The film titles included in this set have very little to do with the movies themselves, except for the first picture, The Cocoanuts where Groucho plays the manager of the Cocoanut Beach Hotel, auctioning off land in a con-job along with Chico and Harpo. The con-job plotline would dominate most of the Marx Brothers other films, allowing them to reuse schticks and situations. Animal Crackers sees the Brothers swapping out a famous painting with replacements. Monkey Business finds the quartet as stowaways on a ship, eventually leading to them dividing up and becoming bodyguards for two different gangsters. In Horse Feathers, the foursome attempt to stack the deck in a college football game. It’s only in the last film of the set, Duck Soup that the con-job plotline is set aside as the Brothers offer a farcical look at politics... so maybe the con-job isn’t so far off after all.
Watching these five films not only shows the evolution of comedy, but the evolution of movies as a whole as well. The Cocoanuts and Animal Crackers were adapted from Broadway shows the Brothers were part of, and it shows. The Cocoanuts is particularly painful to watch, with little to no comprehensive plot and song and dance numbers interrupting the film. In fact, there are three musical numbers in the first ten minutes alone! It’s hard to believe the film was well received and responsible for the Marx Brothers’ career since, in retrospect, it’s probably their worst film. Each subsequent film released was stronger and more developed especially as the films started being written specifically for the big screen beginning with Monkey Business. The work continued to improve, culminating in Duck Soup which is widely accepted as the Marx Brothers’ best film (and my personal favorite). Unfortunately at the time the picture was poorly received and almost bankrupted Paramount, leading to the Brothers being traded off to another studio.

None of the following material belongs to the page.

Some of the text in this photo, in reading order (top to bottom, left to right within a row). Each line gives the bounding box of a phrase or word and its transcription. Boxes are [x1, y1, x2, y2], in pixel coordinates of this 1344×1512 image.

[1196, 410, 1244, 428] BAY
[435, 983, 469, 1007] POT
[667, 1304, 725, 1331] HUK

Between the stylings of the Brothers, almost every form of comedy is represented. Every film has some classic Marx Brothers routine, from Chico’s playful piano rendition of “Sugar in the Morning” to the Brothers’ famous mirror sequence in Duck Soup. The four siblings were simply comedy personified, each with their own unique style. Harpo was the embodiment of physical comedy with his perfect mime ability. Chico and Groucho were both quick tongued and played on words, although each one had their own unique style. Zeppo was the perfect straight man, although it was said he was actually the funniest of the Marx Brothers off camera, and being stuck as the straight man led to him leaving the team on screen after these five films. Outside of the four Brothers, it should be mentioned that Margaret Dumont (who was often considered to be the “fifth Marx brother”) was always exceptional as the perfect foil to Groucho’s constant quips.
It would be a lie to say the films aren’t extremely dated and probably won’t appeal to the masses these days, which is a shame because they are still extremely funny seventy five years later. Unfortunately too many people won’t appreciate the comedy of yesteryears, not understanding Groucho’s painted on greasepaint mustache, or a simpler humor that doesn’t rely on vulgarity or bodily functions, and then you have the group of people who are just turned off by black and white pictures. If you have any interest in classic movies though, these are a must see.

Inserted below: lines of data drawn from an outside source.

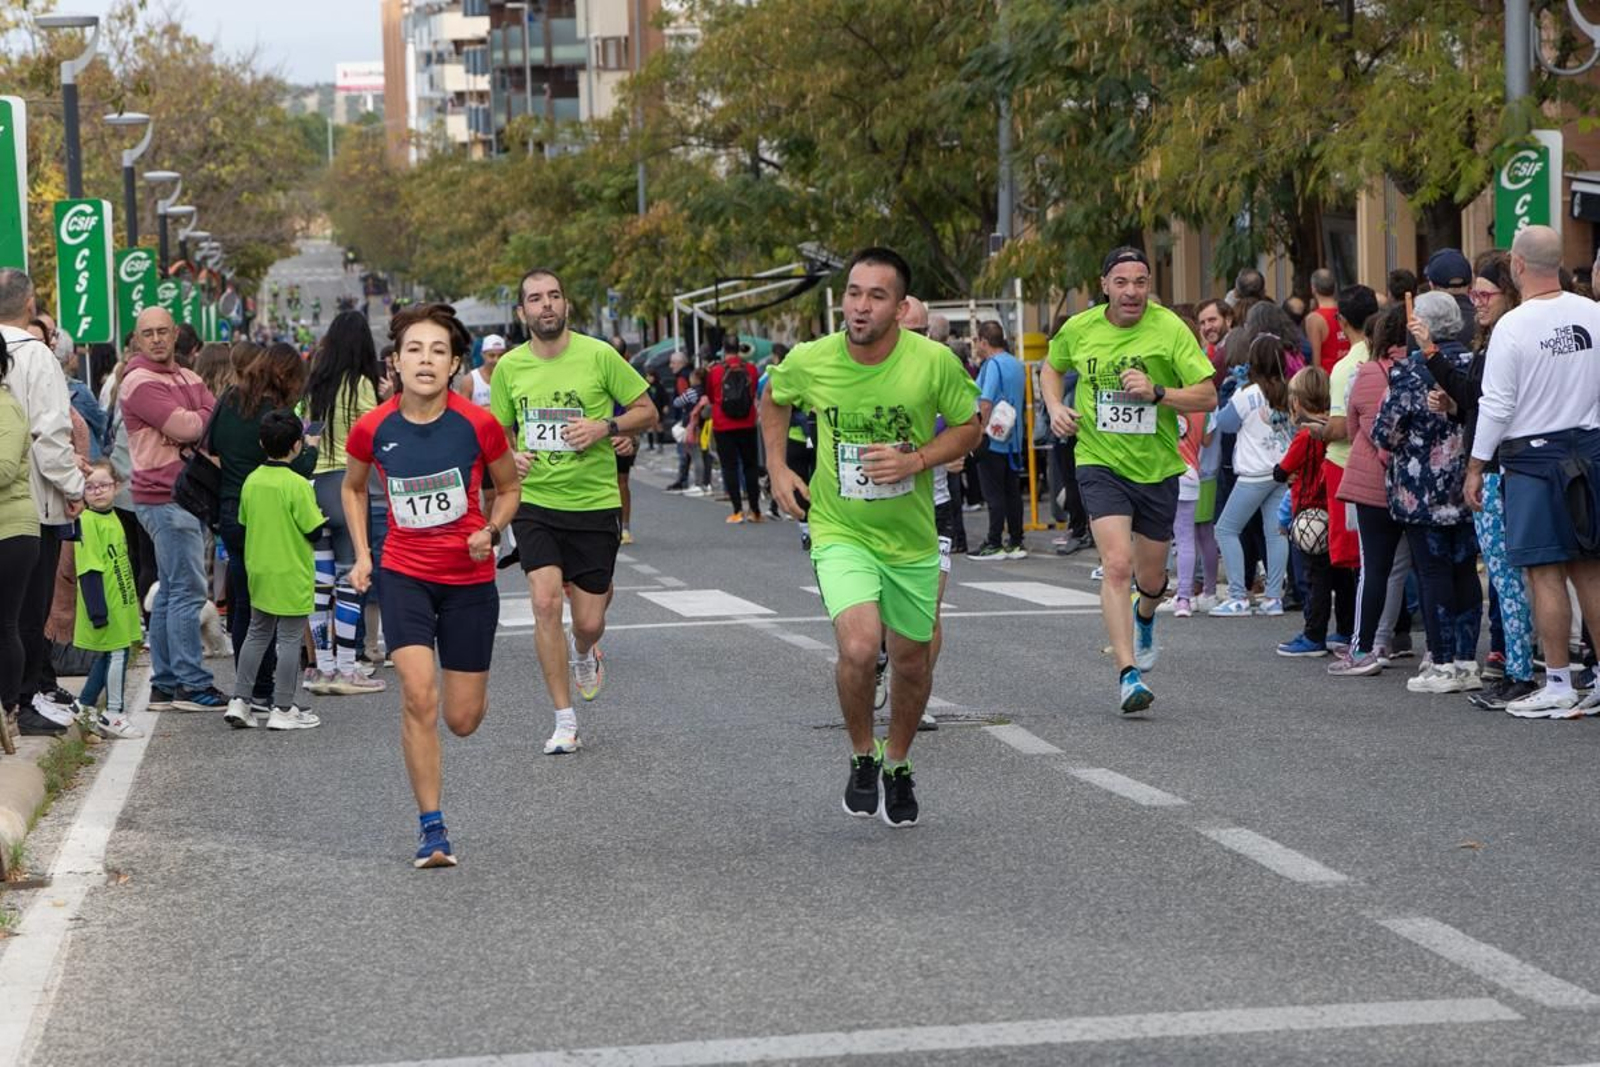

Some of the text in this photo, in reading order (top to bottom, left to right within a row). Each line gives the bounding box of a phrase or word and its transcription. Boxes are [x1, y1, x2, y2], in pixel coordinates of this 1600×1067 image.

[68, 216, 99, 231] CSIF
[75, 248, 92, 338] CSIF
[1554, 325, 1572, 336] THE
[1540, 335, 1574, 350] NORTH
[1552, 344, 1575, 356] FACE
[1087, 358, 1097, 374] 17
[824, 406, 838, 428] 17
[1109, 406, 1145, 423] 351
[844, 447, 858, 460] XI
[406, 492, 451, 516] 178
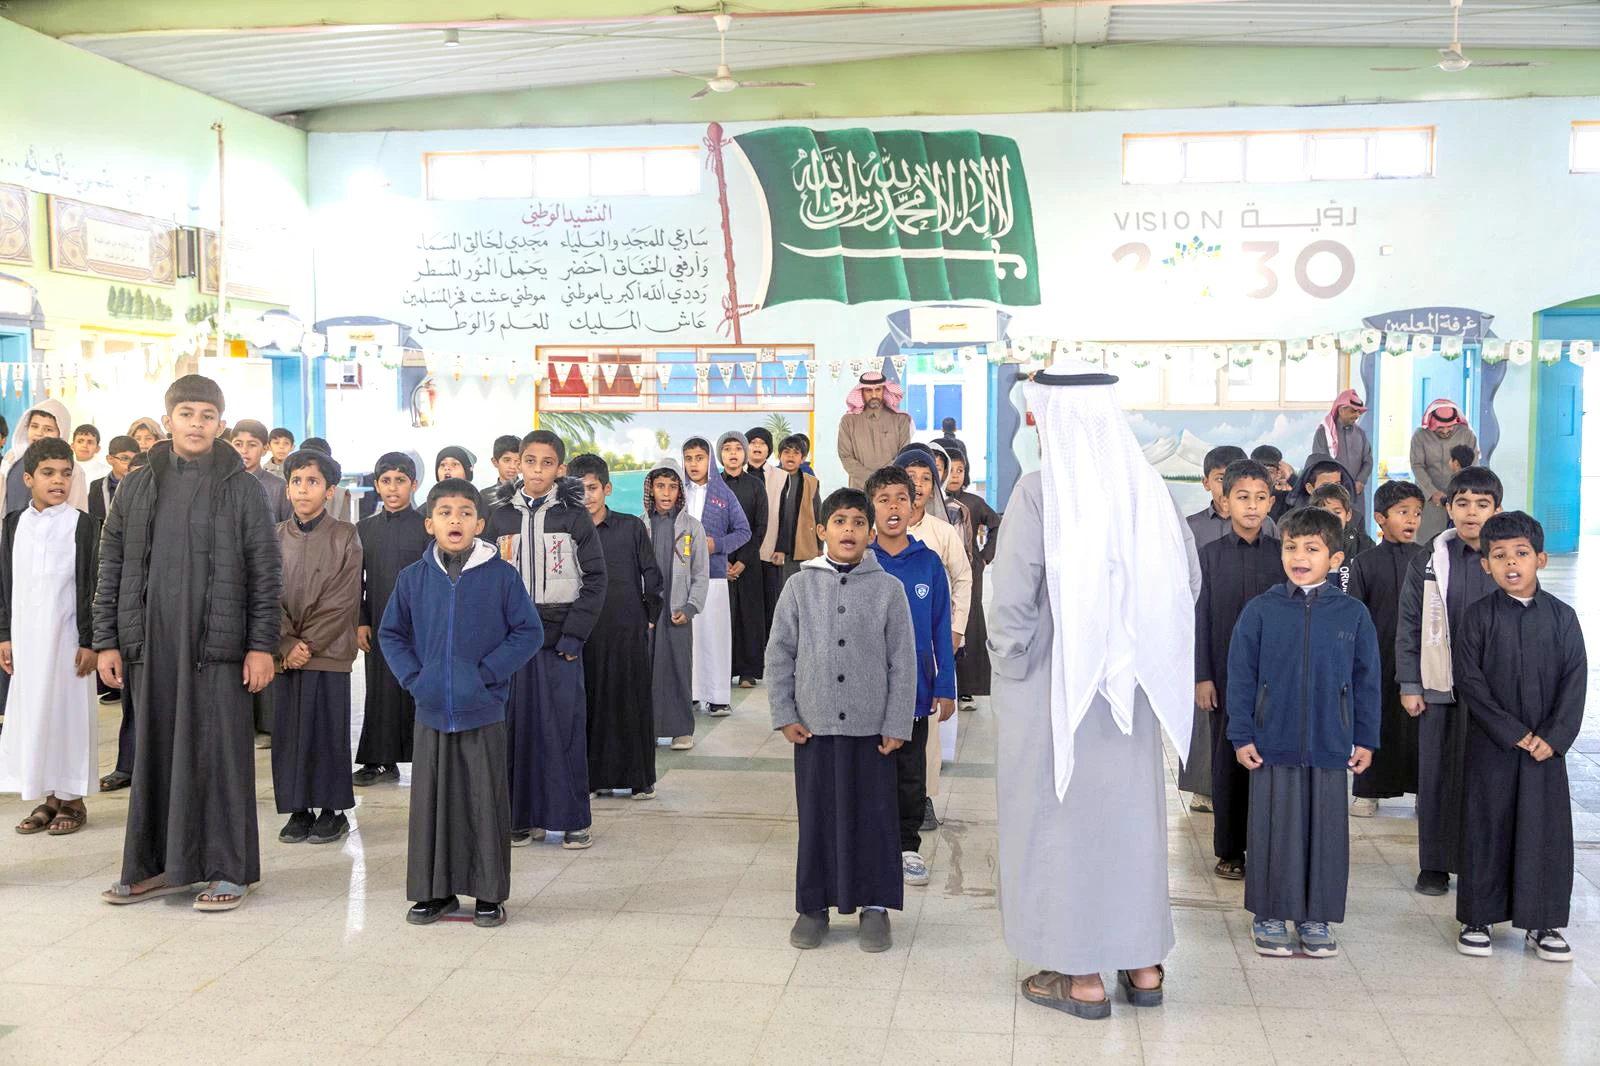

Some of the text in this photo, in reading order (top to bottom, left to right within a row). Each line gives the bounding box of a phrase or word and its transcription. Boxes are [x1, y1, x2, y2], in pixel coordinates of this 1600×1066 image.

[521, 200, 613, 228] النشيد الوطني
[1113, 209, 1223, 232] VISION
[504, 230, 549, 254] مجدي
[559, 228, 619, 253] والعلياء
[621, 224, 665, 250] للمجد
[667, 227, 709, 251] سارعي
[463, 255, 498, 282] النور
[500, 256, 548, 281] يحمل
[612, 253, 667, 277] الخفاق
[470, 287, 511, 304] عشت
[510, 285, 547, 308] موطني
[667, 283, 709, 305] رددي
[499, 311, 550, 340] للعلم
[568, 309, 642, 335] المليك
[644, 310, 707, 334] عاش
[1384, 312, 1478, 336] غرفة المعلمين

At first glance it appears the Marx Brothers have gotten a better treatment than previous classic sets that Universal has put out (most notably the eight movies on two flopper disc Abbot & Costello set). The Marx Brothers Silver Screen Collection set looks beautiful, with each movie getting its own disc, and the inclusion of a forty page “collector’s booklet”. Unfortunately a closer look at the set reveals that appearances can be deceiving.
First off, the discs are just sort of thrown into the digipak packaging. Basically whoever put the set together just saw this as five movies and a bonus disc, so while the bonus disc is placed last, the five movies are placed in a seemingly random order. Being a bit of the obsessive compulsive type, the first thing I did was put my discs in chronological order, but that should have been done originally, don’t you think? I mean, it’s an anniversary release - you’d automatically take dates into account when putting the set together.
Secondly, that forty page collector’s booklet is part of the packaging. It’s attached to the seam of the digipak, meaning you have to drag around the entire package to read the booklet. Fortunately that’s not much of a problem since the book takes about ten minutes to read. Containing mostly pictures, the booklet gives a brief amount of trivia about each movie in the set, as well as the film’s poster and a chapter listing for the disc. I wouldn’t think of it as a forty page collector’s booklet as much as ten pages of information with a lot of pictures.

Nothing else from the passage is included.